* _Exercise_: Starting at the first entry below, repeat all the data word for word and drop the pictures.

* _Records provided_:
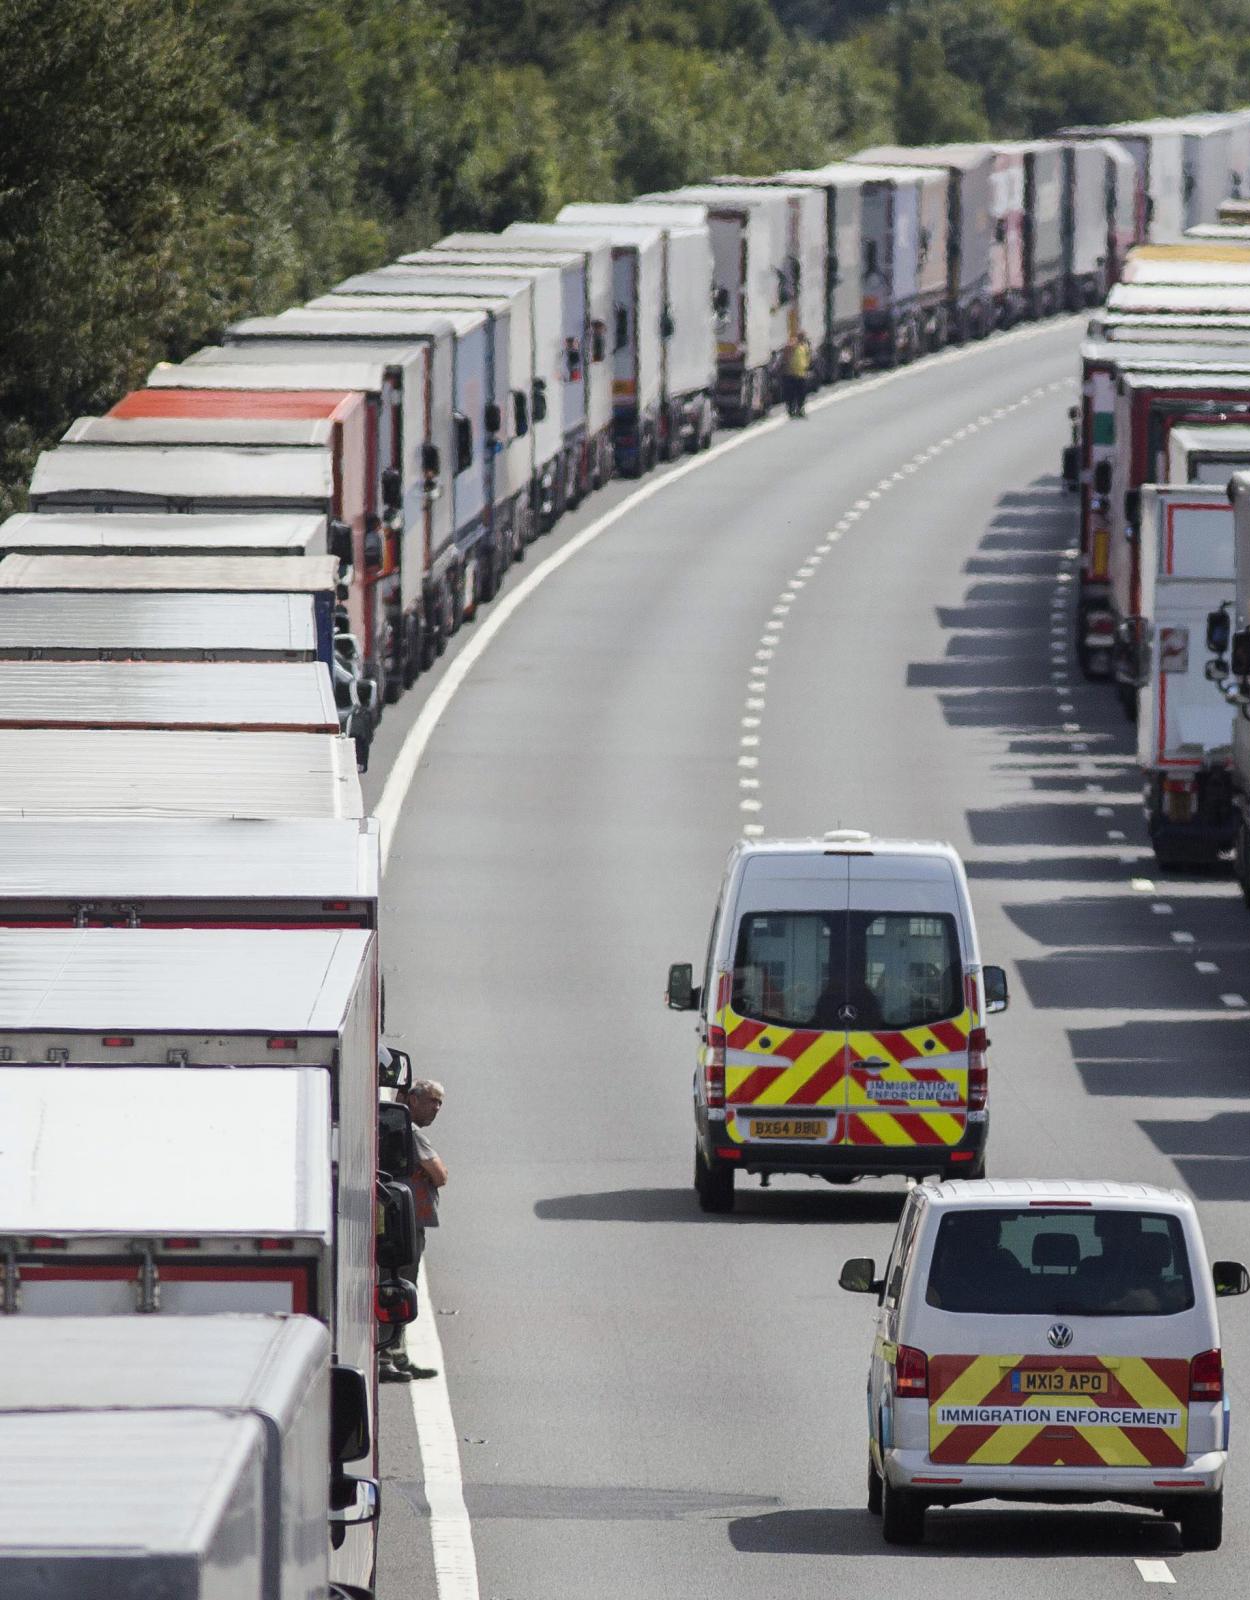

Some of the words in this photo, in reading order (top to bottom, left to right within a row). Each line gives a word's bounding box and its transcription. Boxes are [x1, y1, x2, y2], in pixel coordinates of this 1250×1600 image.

[870, 1080, 956, 1091] IMMIGRATION
[867, 1090, 959, 1101] ENFORCEMENT
[1026, 1375, 1064, 1390] MX13
[1069, 1375, 1102, 1391] APO
[941, 1409, 1051, 1422] IMMIGRATION
[1056, 1411, 1177, 1425] ENFORCEMENT

* _Answer section_:
Some of the words in this photo, in reading order (top to bottom, left to right within a row). Each line gives a word's bounding box and its transcription. Boxes are [x1, y1, x2, y2], in pixel coordinates of this 1250×1600 image.

[870, 1080, 956, 1091] IMMIGRATION
[867, 1090, 959, 1101] ENFORCEMENT
[1026, 1375, 1064, 1390] MX13
[1069, 1375, 1102, 1391] APO
[941, 1409, 1051, 1422] IMMIGRATION
[1056, 1411, 1177, 1425] ENFORCEMENT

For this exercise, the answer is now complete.